What did the evidence say?
The evidence produced from one study concluded that none of the 117 root-filled premolars experienced a catastrophic failure (i.e. one that cannot be repaired) after three years, although only 104 teeth were included in the final, three-year assessment. The study concluded there was no difference between treatments for the risk of non-catastrophic failure. There was no evidence available for any of our secondary outcomes: patient satisfaction and quality of life, incidence or recurrence of decay, periodontal health status, and costs.
How good was the evidence?
The quality of the evidence is very low. As there is only a single study, which is at high risk of bias, there is insufficient reliable evidence to determine whether single crowns are better than routine fillings.
What are the implications for dentists and the general public?

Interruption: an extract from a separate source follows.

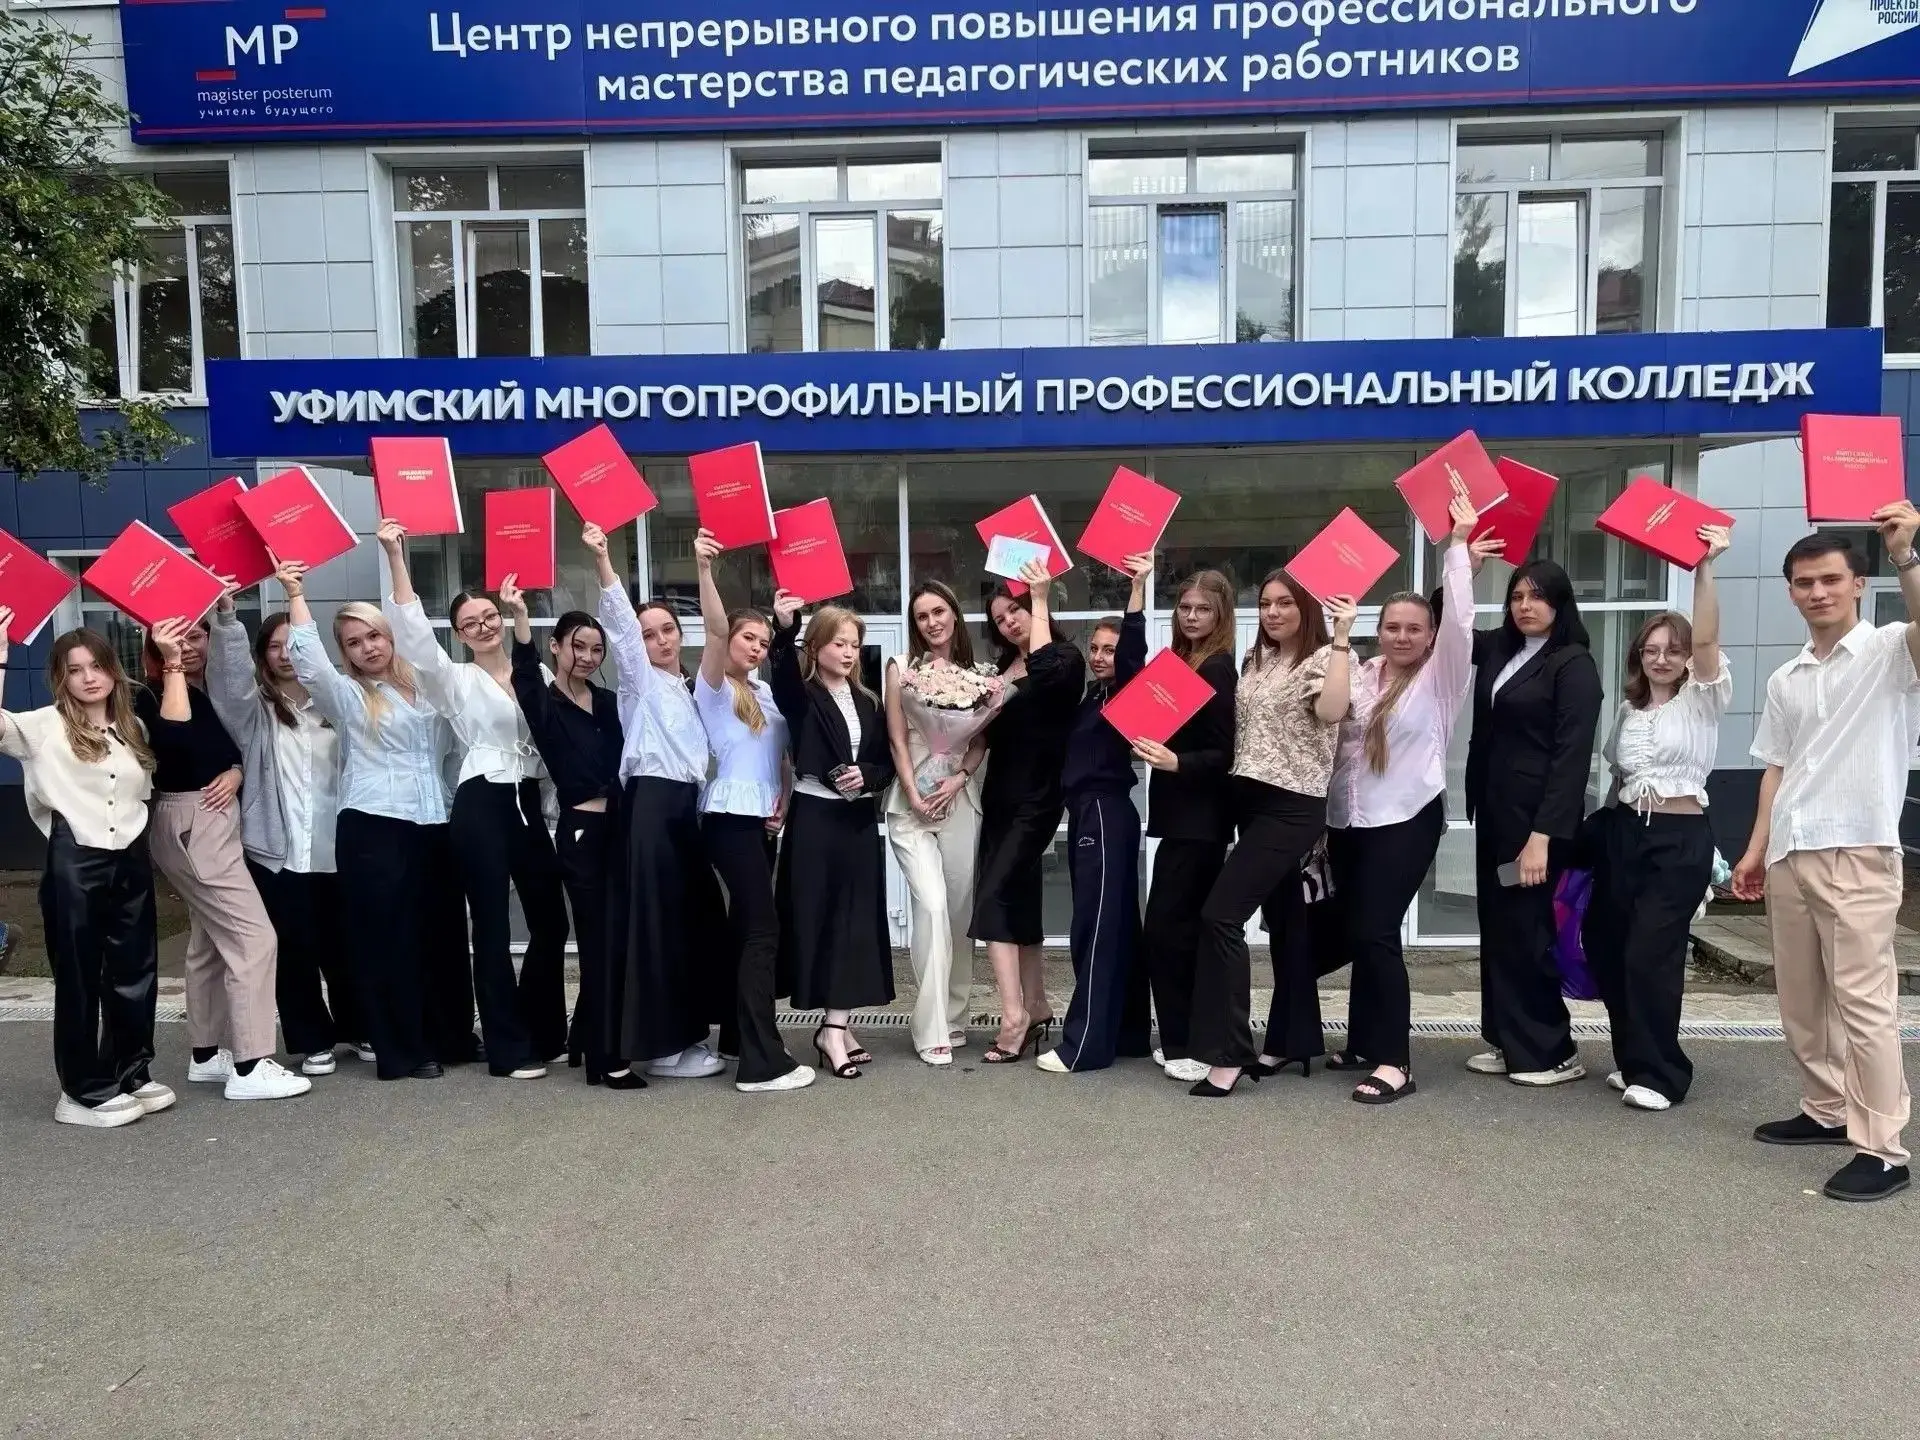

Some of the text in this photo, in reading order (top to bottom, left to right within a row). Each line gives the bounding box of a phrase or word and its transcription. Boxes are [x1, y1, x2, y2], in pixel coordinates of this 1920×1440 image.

There is insufficient reliable evidence from this review to determine whether a conventional filling, such as composite material, is more effective than full coronal coverage for the restoration of root-filled premolar teeth with sufficient coronal tooth structure. More high quality studies are needed.
What should researchers look at in the future?
Future research should aim to provide more reliable information that can help clinicians to decide on appropriate treatment whilst taking into consideration the individual circumstances and preferences of their patients.
Sequeira-Byron P, Fedorowicz Z, Carter B, Nasser M, Alrowaili EF. Single crowns versus conventional fillings for the restoration of root-filled teeth. Cochrane Database of Systematic Reviews 2015, Issue 9. Art. No.: CD009109. DOI: 10.1002/14651858.CD009109.pub3.